▶ _TRY IT_:
Print the listing once more, exactly as written.

::::::

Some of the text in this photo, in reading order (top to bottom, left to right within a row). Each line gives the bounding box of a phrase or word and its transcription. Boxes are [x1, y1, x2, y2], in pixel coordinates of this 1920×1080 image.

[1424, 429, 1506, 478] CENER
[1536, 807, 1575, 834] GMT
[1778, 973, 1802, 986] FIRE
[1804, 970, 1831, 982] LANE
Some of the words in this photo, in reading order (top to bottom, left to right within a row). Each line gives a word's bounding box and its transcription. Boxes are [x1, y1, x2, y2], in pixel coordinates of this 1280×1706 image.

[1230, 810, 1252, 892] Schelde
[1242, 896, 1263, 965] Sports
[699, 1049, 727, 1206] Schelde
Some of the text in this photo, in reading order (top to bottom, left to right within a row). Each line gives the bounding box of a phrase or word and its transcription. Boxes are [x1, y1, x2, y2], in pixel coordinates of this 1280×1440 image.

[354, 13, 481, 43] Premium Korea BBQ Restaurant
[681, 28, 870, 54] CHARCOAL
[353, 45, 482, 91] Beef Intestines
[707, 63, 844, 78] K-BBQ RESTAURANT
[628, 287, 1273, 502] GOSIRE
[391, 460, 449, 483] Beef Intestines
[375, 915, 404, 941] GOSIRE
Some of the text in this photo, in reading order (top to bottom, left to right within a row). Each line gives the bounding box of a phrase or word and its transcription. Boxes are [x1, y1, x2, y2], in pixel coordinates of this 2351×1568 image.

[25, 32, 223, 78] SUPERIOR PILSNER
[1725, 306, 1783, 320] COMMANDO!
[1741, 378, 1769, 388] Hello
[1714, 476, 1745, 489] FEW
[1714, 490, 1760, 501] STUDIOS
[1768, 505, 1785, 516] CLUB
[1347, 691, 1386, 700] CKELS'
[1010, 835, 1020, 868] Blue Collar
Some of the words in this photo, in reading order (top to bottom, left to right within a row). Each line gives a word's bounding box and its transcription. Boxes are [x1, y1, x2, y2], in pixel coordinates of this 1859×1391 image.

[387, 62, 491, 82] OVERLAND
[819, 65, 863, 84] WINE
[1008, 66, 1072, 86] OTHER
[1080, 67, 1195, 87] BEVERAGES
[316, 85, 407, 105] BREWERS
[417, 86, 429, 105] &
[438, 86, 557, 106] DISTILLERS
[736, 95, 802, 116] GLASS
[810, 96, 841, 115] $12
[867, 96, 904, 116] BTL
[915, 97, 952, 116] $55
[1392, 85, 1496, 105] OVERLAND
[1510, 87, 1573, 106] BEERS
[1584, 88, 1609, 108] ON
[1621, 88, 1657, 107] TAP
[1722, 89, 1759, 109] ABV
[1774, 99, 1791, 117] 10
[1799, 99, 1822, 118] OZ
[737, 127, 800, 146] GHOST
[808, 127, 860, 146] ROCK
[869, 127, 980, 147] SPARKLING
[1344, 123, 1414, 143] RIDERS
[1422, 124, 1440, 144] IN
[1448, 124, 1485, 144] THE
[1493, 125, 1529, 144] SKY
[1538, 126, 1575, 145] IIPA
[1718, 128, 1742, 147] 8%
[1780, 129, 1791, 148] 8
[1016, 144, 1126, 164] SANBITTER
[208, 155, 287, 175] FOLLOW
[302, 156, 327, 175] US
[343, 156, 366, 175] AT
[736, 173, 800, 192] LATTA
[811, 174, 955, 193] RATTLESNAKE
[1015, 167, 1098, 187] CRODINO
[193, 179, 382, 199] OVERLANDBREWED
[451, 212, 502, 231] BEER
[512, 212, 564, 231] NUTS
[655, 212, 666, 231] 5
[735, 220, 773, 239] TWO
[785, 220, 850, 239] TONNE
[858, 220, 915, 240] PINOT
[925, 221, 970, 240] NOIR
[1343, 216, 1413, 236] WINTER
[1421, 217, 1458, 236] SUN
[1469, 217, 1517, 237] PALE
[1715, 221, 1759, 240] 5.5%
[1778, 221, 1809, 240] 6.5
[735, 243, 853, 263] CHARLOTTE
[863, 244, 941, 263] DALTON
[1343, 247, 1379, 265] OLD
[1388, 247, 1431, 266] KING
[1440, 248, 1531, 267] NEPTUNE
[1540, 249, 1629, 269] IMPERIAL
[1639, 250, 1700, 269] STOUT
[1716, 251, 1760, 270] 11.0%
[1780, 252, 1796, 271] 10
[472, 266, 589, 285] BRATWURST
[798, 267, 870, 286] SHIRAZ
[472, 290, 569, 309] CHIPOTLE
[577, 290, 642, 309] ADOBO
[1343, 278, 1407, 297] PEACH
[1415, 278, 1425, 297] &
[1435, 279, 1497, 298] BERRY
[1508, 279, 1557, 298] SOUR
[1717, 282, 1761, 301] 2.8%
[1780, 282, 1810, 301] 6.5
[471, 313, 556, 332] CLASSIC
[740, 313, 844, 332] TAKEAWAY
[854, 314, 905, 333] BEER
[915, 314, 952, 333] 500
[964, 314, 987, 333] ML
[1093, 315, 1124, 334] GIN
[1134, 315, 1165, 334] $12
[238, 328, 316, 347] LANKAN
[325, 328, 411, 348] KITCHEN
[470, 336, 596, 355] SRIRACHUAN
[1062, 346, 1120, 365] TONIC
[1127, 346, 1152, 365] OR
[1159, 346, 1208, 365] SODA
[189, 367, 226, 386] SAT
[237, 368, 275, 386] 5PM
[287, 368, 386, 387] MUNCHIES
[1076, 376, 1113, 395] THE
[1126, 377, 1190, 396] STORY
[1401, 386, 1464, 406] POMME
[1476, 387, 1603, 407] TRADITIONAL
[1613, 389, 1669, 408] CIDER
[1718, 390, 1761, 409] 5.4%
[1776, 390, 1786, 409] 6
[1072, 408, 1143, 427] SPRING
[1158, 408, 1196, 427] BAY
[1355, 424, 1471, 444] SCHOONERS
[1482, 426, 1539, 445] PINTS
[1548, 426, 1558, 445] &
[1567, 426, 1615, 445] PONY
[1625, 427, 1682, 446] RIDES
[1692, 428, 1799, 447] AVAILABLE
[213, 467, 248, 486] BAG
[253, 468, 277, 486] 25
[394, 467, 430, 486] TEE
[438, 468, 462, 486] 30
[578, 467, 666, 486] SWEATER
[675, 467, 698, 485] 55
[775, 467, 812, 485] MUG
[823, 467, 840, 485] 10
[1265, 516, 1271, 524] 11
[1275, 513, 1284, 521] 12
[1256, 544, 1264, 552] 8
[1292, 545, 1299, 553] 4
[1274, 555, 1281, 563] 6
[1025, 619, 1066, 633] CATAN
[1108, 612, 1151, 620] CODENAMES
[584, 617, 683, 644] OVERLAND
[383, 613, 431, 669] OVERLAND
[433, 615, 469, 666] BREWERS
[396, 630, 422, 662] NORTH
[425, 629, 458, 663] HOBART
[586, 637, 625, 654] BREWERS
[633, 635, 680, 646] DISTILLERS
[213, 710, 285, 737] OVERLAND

::::::

▶ _SOLVED PROBLEM_:
Some of the text in this photo, in reading order (top to bottom, left to right within a row). Each line gives the bounding box of a phrase or word and its transcription. Boxes are [x1, y1, x2, y2], in pixel coordinates of this 1920×1080 image.

[1424, 429, 1506, 478] CENER
[1536, 807, 1575, 834] GMT
[1778, 973, 1802, 986] FIRE
[1804, 970, 1831, 982] LANE
Some of the words in this photo, in reading order (top to bottom, left to right within a row). Each line gives a word's bounding box and its transcription. Boxes are [x1, y1, x2, y2], in pixel coordinates of this 1280×1706 image.

[1230, 810, 1252, 892] Schelde
[1242, 896, 1263, 965] Sports
[699, 1049, 727, 1206] Schelde
Some of the text in this photo, in reading order (top to bottom, left to right within a row). Each line gives the bounding box of a phrase or word and its transcription. Boxes are [x1, y1, x2, y2], in pixel coordinates of this 1280×1440 image.

[354, 13, 481, 43] Premium Korea BBQ Restaurant
[681, 28, 870, 54] CHARCOAL
[353, 45, 482, 91] Beef Intestines
[707, 63, 844, 78] K-BBQ RESTAURANT
[628, 287, 1273, 502] GOSIRE
[391, 460, 449, 483] Beef Intestines
[375, 915, 404, 941] GOSIRE
Some of the text in this photo, in reading order (top to bottom, left to right within a row). Each line gives the bounding box of a phrase or word and its transcription. Boxes are [x1, y1, x2, y2], in pixel coordinates of this 2351×1568 image.

[25, 32, 223, 78] SUPERIOR PILSNER
[1725, 306, 1783, 320] COMMANDO!
[1741, 378, 1769, 388] Hello
[1714, 476, 1745, 489] FEW
[1714, 490, 1760, 501] STUDIOS
[1768, 505, 1785, 516] CLUB
[1347, 691, 1386, 700] CKELS'
[1010, 835, 1020, 868] Blue Collar
Some of the words in this photo, in reading order (top to bottom, left to right within a row). Each line gives a word's bounding box and its transcription. Boxes are [x1, y1, x2, y2], in pixel coordinates of this 1859×1391 image.

[387, 62, 491, 82] OVERLAND
[819, 65, 863, 84] WINE
[1008, 66, 1072, 86] OTHER
[1080, 67, 1195, 87] BEVERAGES
[316, 85, 407, 105] BREWERS
[417, 86, 429, 105] &
[438, 86, 557, 106] DISTILLERS
[736, 95, 802, 116] GLASS
[810, 96, 841, 115] $12
[867, 96, 904, 116] BTL
[915, 97, 952, 116] $55
[1392, 85, 1496, 105] OVERLAND
[1510, 87, 1573, 106] BEERS
[1584, 88, 1609, 108] ON
[1621, 88, 1657, 107] TAP
[1722, 89, 1759, 109] ABV
[1774, 99, 1791, 117] 10
[1799, 99, 1822, 118] OZ
[737, 127, 800, 146] GHOST
[808, 127, 860, 146] ROCK
[869, 127, 980, 147] SPARKLING
[1344, 123, 1414, 143] RIDERS
[1422, 124, 1440, 144] IN
[1448, 124, 1485, 144] THE
[1493, 125, 1529, 144] SKY
[1538, 126, 1575, 145] IIPA
[1718, 128, 1742, 147] 8%
[1780, 129, 1791, 148] 8
[1016, 144, 1126, 164] SANBITTER
[208, 155, 287, 175] FOLLOW
[302, 156, 327, 175] US
[343, 156, 366, 175] AT
[736, 173, 800, 192] LATTA
[811, 174, 955, 193] RATTLESNAKE
[1015, 167, 1098, 187] CRODINO
[193, 179, 382, 199] OVERLANDBREWED
[451, 212, 502, 231] BEER
[512, 212, 564, 231] NUTS
[655, 212, 666, 231] 5
[735, 220, 773, 239] TWO
[785, 220, 850, 239] TONNE
[858, 220, 915, 240] PINOT
[925, 221, 970, 240] NOIR
[1343, 216, 1413, 236] WINTER
[1421, 217, 1458, 236] SUN
[1469, 217, 1517, 237] PALE
[1715, 221, 1759, 240] 5.5%
[1778, 221, 1809, 240] 6.5
[735, 243, 853, 263] CHARLOTTE
[863, 244, 941, 263] DALTON
[1343, 247, 1379, 265] OLD
[1388, 247, 1431, 266] KING
[1440, 248, 1531, 267] NEPTUNE
[1540, 249, 1629, 269] IMPERIAL
[1639, 250, 1700, 269] STOUT
[1716, 251, 1760, 270] 11.0%
[1780, 252, 1796, 271] 10
[472, 266, 589, 285] BRATWURST
[798, 267, 870, 286] SHIRAZ
[472, 290, 569, 309] CHIPOTLE
[577, 290, 642, 309] ADOBO
[1343, 278, 1407, 297] PEACH
[1415, 278, 1425, 297] &
[1435, 279, 1497, 298] BERRY
[1508, 279, 1557, 298] SOUR
[1717, 282, 1761, 301] 2.8%
[1780, 282, 1810, 301] 6.5
[471, 313, 556, 332] CLASSIC
[740, 313, 844, 332] TAKEAWAY
[854, 314, 905, 333] BEER
[915, 314, 952, 333] 500
[964, 314, 987, 333] ML
[1093, 315, 1124, 334] GIN
[1134, 315, 1165, 334] $12
[238, 328, 316, 347] LANKAN
[325, 328, 411, 348] KITCHEN
[470, 336, 596, 355] SRIRACHUAN
[1062, 346, 1120, 365] TONIC
[1127, 346, 1152, 365] OR
[1159, 346, 1208, 365] SODA
[189, 367, 226, 386] SAT
[237, 368, 275, 386] 5PM
[287, 368, 386, 387] MUNCHIES
[1076, 376, 1113, 395] THE
[1126, 377, 1190, 396] STORY
[1401, 386, 1464, 406] POMME
[1476, 387, 1603, 407] TRADITIONAL
[1613, 389, 1669, 408] CIDER
[1718, 390, 1761, 409] 5.4%
[1776, 390, 1786, 409] 6
[1072, 408, 1143, 427] SPRING
[1158, 408, 1196, 427] BAY
[1355, 424, 1471, 444] SCHOONERS
[1482, 426, 1539, 445] PINTS
[1548, 426, 1558, 445] &
[1567, 426, 1615, 445] PONY
[1625, 427, 1682, 446] RIDES
[1692, 428, 1799, 447] AVAILABLE
[213, 467, 248, 486] BAG
[253, 468, 277, 486] 25
[394, 467, 430, 486] TEE
[438, 468, 462, 486] 30
[578, 467, 666, 486] SWEATER
[675, 467, 698, 485] 55
[775, 467, 812, 485] MUG
[823, 467, 840, 485] 10
[1265, 516, 1271, 524] 11
[1275, 513, 1284, 521] 12
[1256, 544, 1264, 552] 8
[1292, 545, 1299, 553] 4
[1274, 555, 1281, 563] 6
[1025, 619, 1066, 633] CATAN
[1108, 612, 1151, 620] CODENAMES
[584, 617, 683, 644] OVERLAND
[383, 613, 431, 669] OVERLAND
[433, 615, 469, 666] BREWERS
[396, 630, 422, 662] NORTH
[425, 629, 458, 663] HOBART
[586, 637, 625, 654] BREWERS
[633, 635, 680, 646] DISTILLERS
[213, 710, 285, 737] OVERLAND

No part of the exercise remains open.